• Activity
Without the pictures, give every record again exactly.

• Material provided
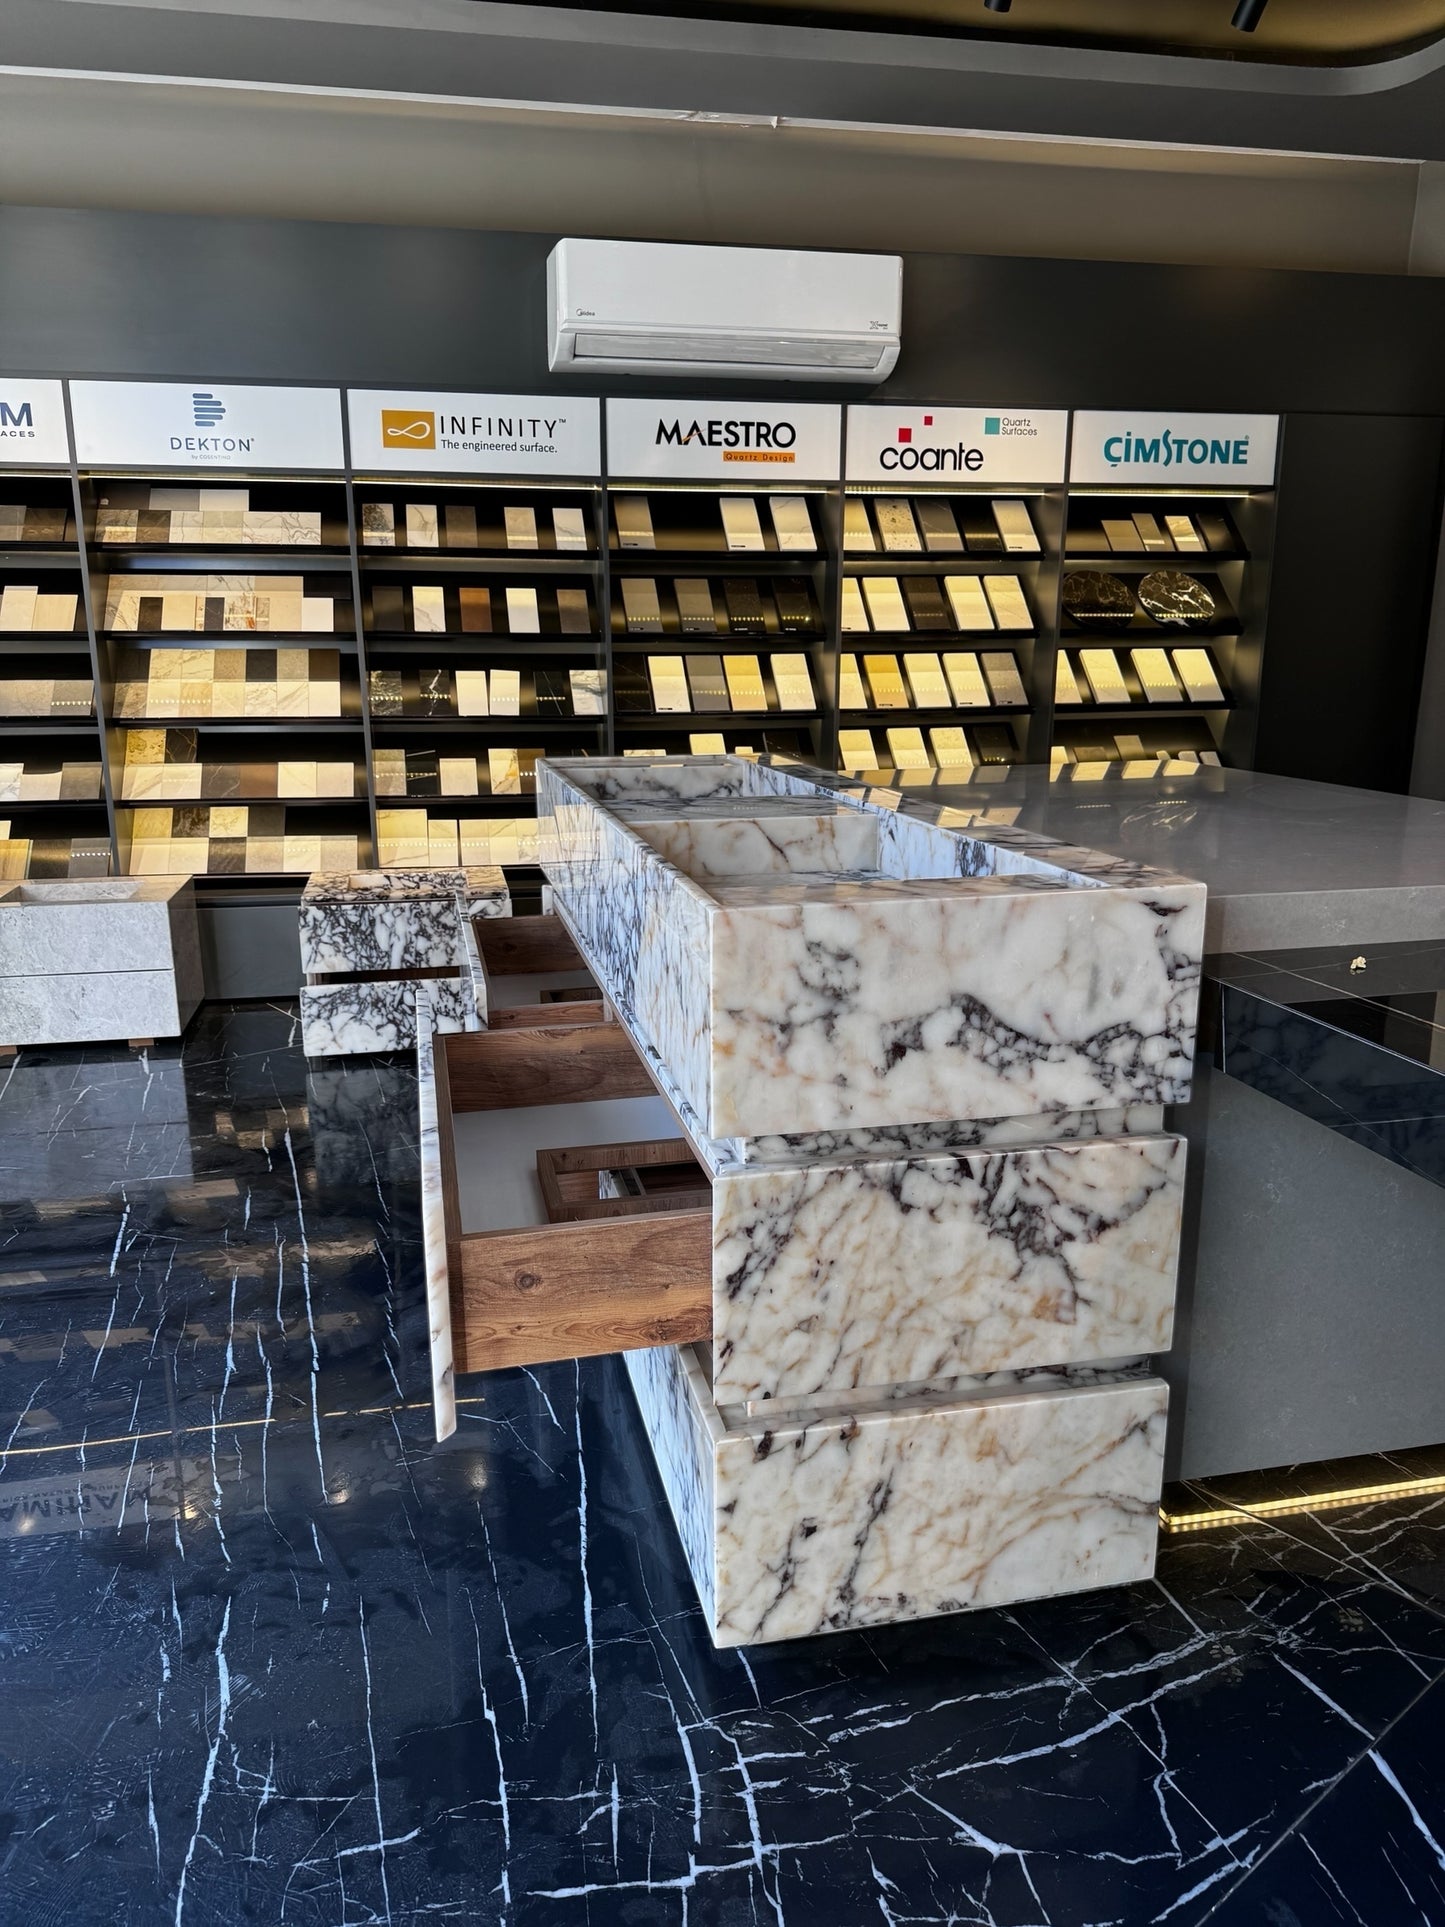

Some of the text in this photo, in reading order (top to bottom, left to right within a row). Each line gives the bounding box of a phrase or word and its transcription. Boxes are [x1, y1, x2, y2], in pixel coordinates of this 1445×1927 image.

[1002, 418, 1031, 427] Quartz
[655, 419, 796, 449] MAESTRO
[1002, 426, 1038, 436] Surfaces
[441, 439, 558, 454] The engineered surface.
[726, 453, 793, 463] Quartz Design
[880, 442, 984, 471] coante

• Response area
Some of the text in this photo, in reading order (top to bottom, left to right within a row). Each line gives the bounding box of a phrase or word and its transcription. Boxes are [x1, y1, x2, y2], in pixel coordinates of this 1445×1927 image.

[1002, 418, 1031, 427] Quartz
[655, 419, 796, 449] MAESTRO
[1002, 426, 1038, 436] Surfaces
[441, 439, 558, 454] The engineered surface.
[726, 453, 793, 463] Quartz Design
[880, 442, 984, 471] coante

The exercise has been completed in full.